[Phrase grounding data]
--- START ---
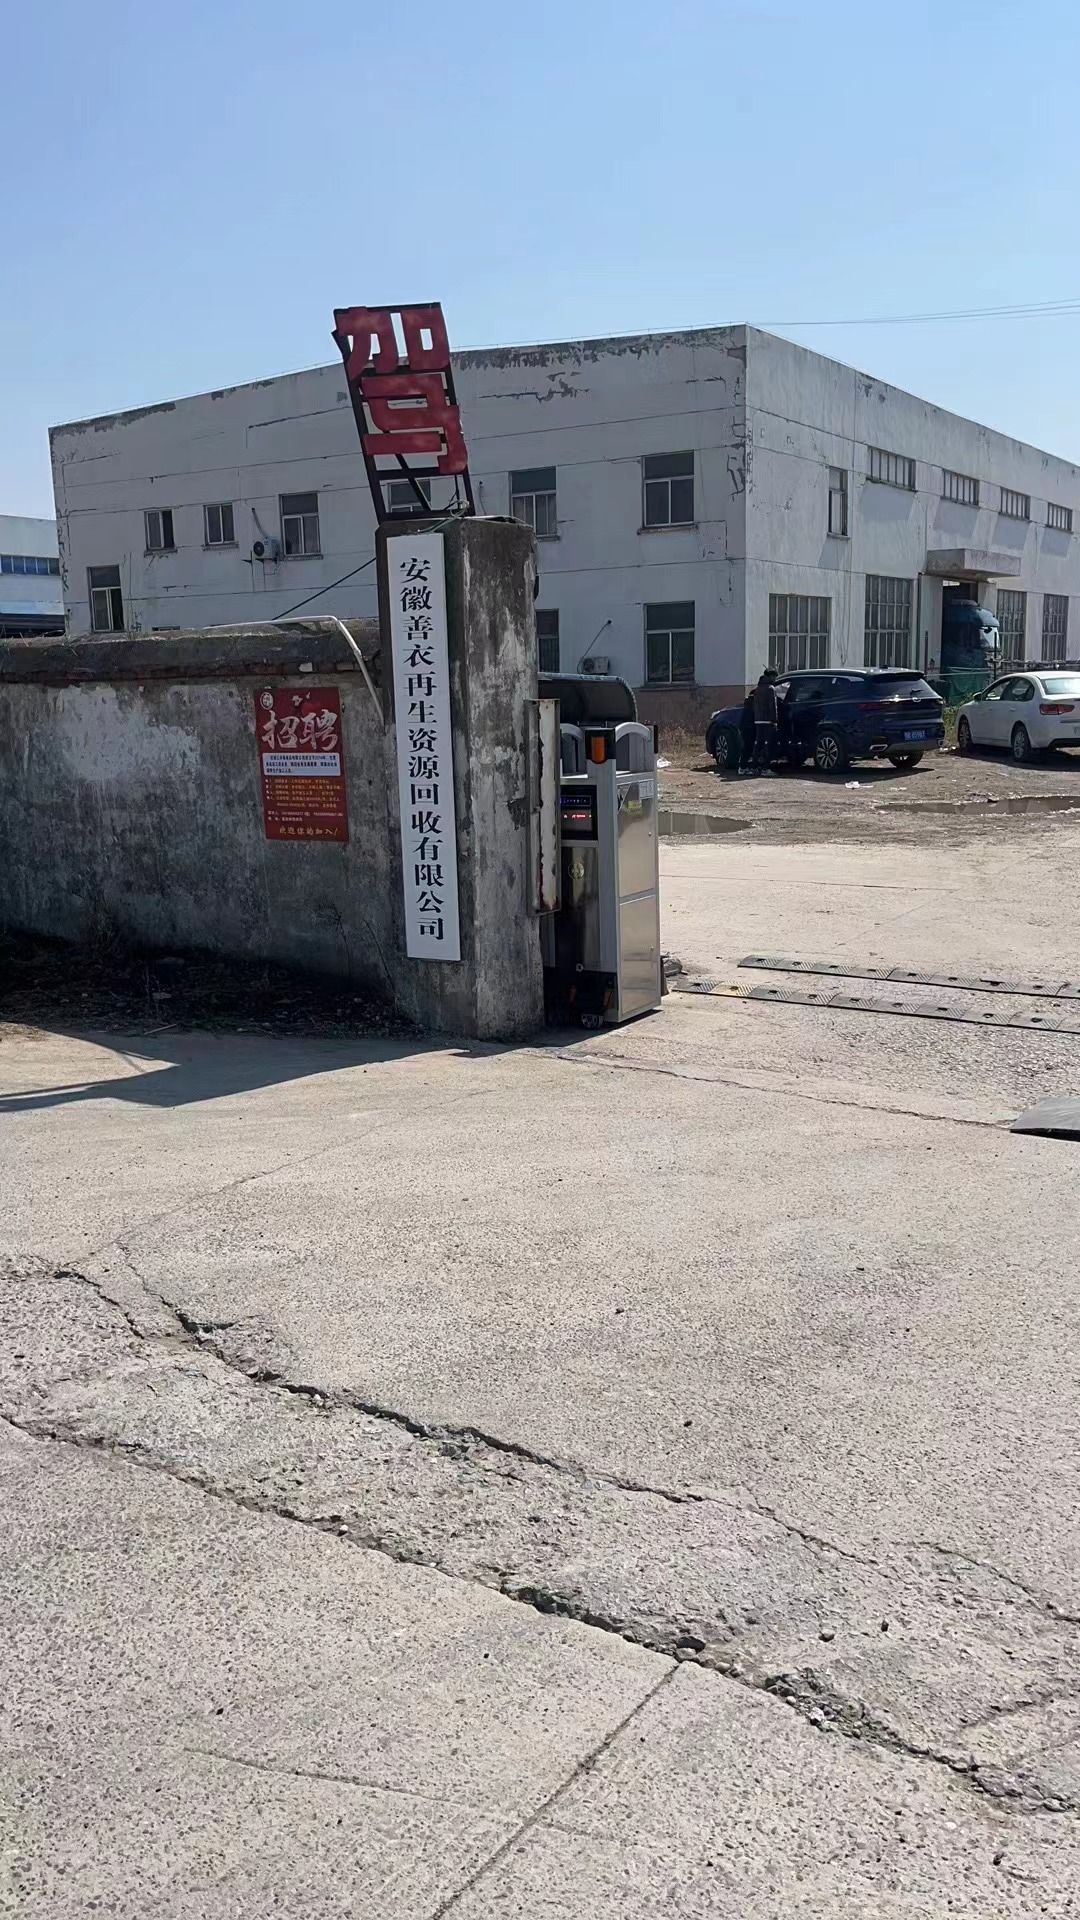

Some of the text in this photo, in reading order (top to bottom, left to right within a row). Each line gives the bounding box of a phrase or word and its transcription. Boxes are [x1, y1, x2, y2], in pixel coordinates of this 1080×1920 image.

[261, 709, 338, 751] 招聘
[400, 557, 444, 940] 安徽善衣再生资源回收有限公司
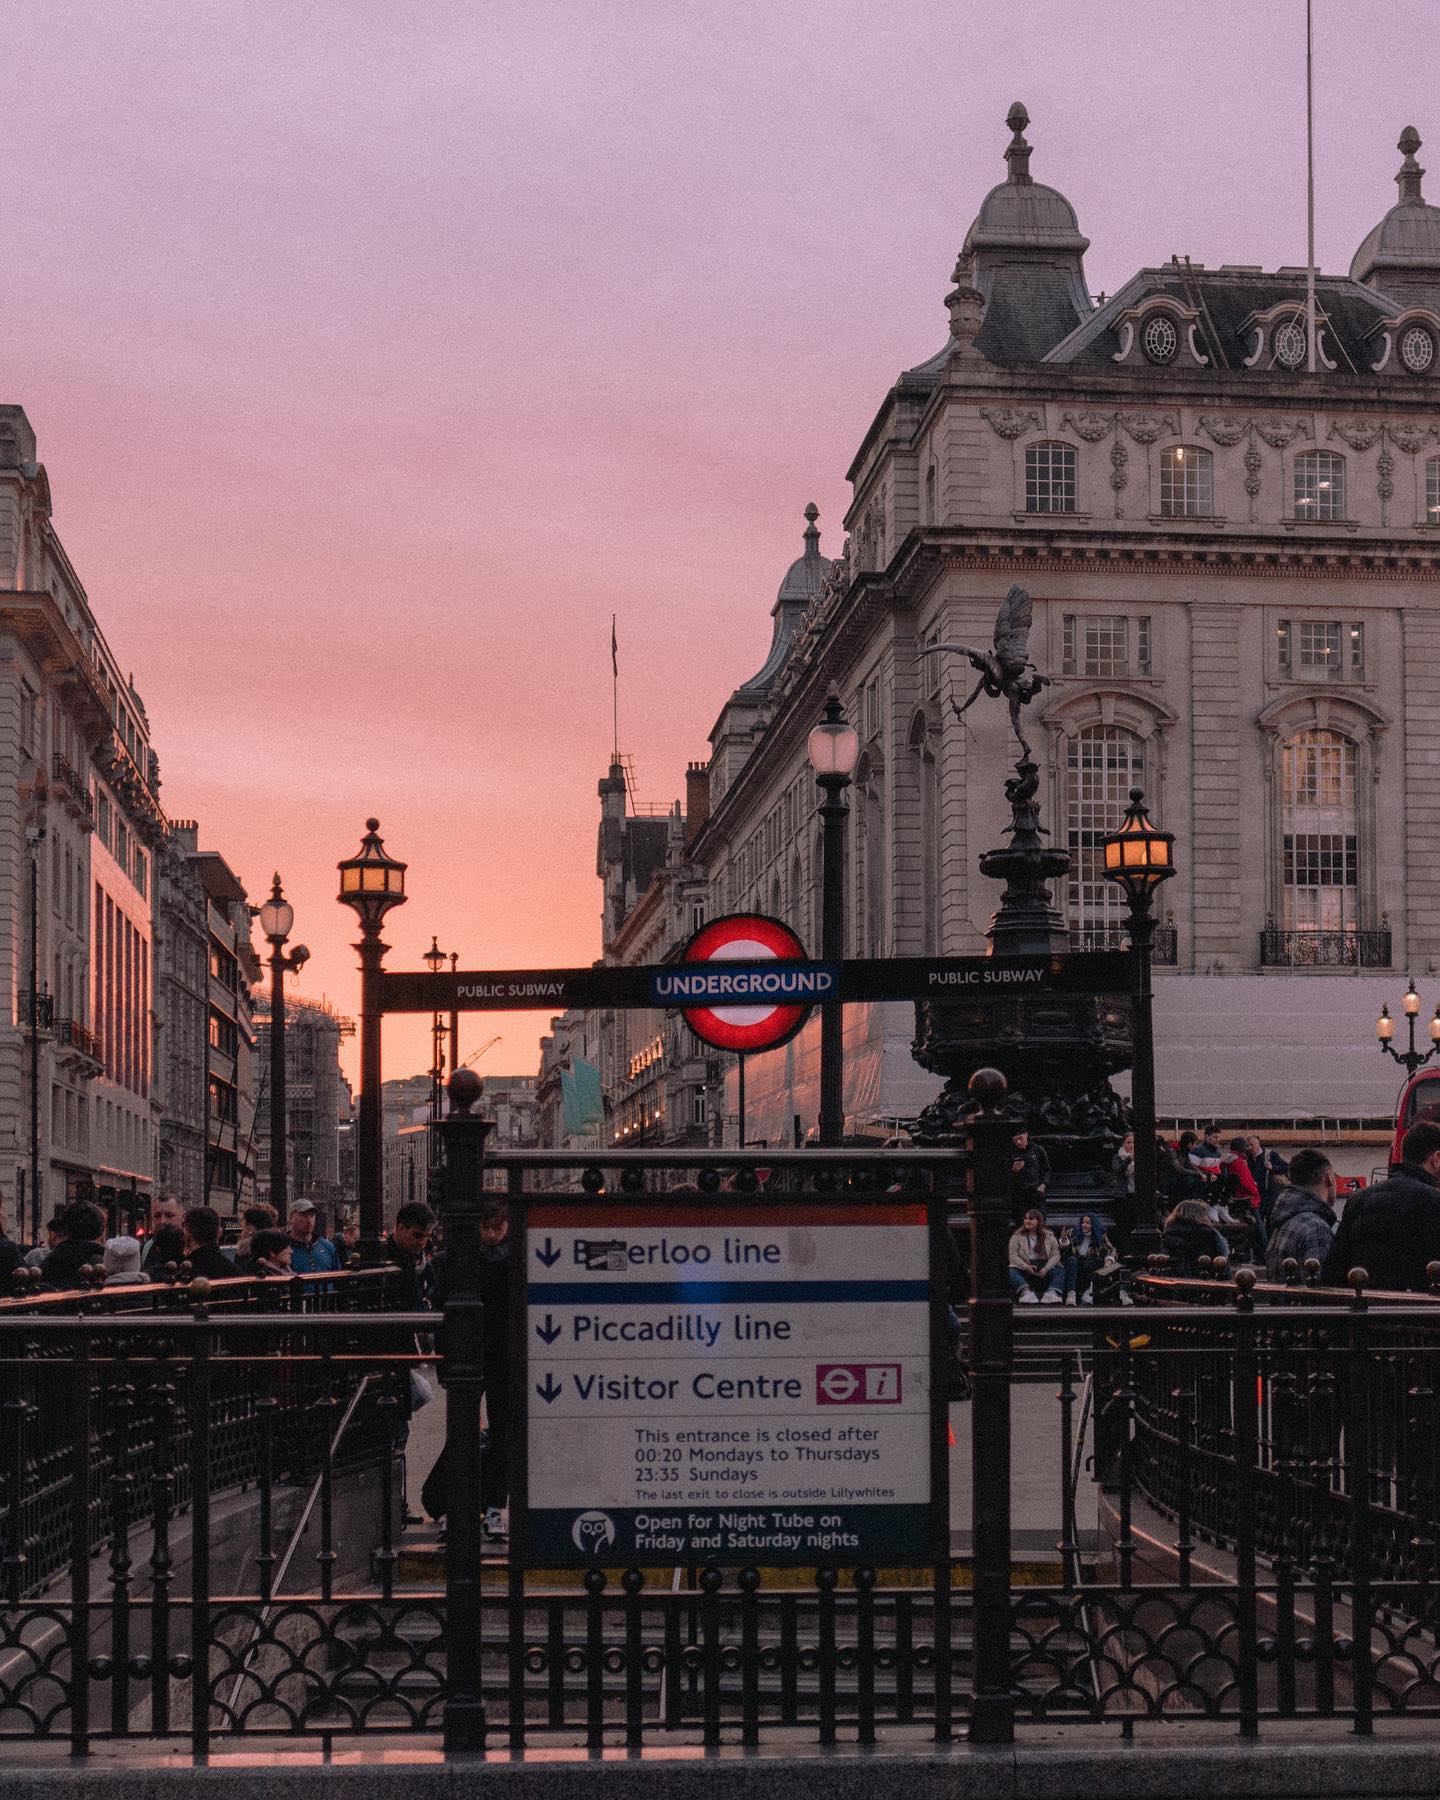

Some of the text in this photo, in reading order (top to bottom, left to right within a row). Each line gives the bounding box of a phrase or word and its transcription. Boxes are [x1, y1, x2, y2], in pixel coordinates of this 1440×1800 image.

[656, 972, 832, 995] UNDERGROUND
[929, 969, 1044, 985] PUBLIC SUBWAY
[457, 983, 564, 998] PUBLIC SUBWAY
[573, 1239, 780, 1265] Berloo line
[573, 1314, 791, 1347] Piccadilly line
[573, 1373, 802, 1400] Visitor Centre
[635, 1428, 879, 1443] This entrance is closed after
[635, 1447, 880, 1464] 00:20 Mondays to Thursdays
[635, 1468, 758, 1483] 23:35 Sundays
[635, 1487, 894, 1500] The last exit to close is outside Lillywhites
[635, 1513, 841, 1532] Open for Night Tube on
[635, 1532, 859, 1552] Friday and Saturday nights
--- END ---
Line by line, write out the data above exactly, without the pictures.

Some of the text in this photo, in reading order (top to bottom, left to right within a row). Each line gives the bounding box of a phrase or word and its transcription. Boxes are [x1, y1, x2, y2], in pixel coordinates of this 1080×1920 image.

[261, 709, 338, 751] 招聘
[400, 557, 444, 940] 安徽善衣再生资源回收有限公司

Some of the text in this photo, in reading order (top to bottom, left to right within a row). Each line gives the bounding box of a phrase or word and its transcription. Boxes are [x1, y1, x2, y2], in pixel coordinates of this 1440×1800 image.

[656, 972, 832, 995] UNDERGROUND
[929, 969, 1044, 985] PUBLIC SUBWAY
[457, 983, 564, 998] PUBLIC SUBWAY
[573, 1239, 780, 1265] Berloo line
[573, 1314, 791, 1347] Piccadilly line
[573, 1373, 802, 1400] Visitor Centre
[635, 1428, 879, 1443] This entrance is closed after
[635, 1447, 880, 1464] 00:20 Mondays to Thursdays
[635, 1468, 758, 1483] 23:35 Sundays
[635, 1487, 894, 1500] The last exit to close is outside Lillywhites
[635, 1513, 841, 1532] Open for Night Tube on
[635, 1532, 859, 1552] Friday and Saturday nights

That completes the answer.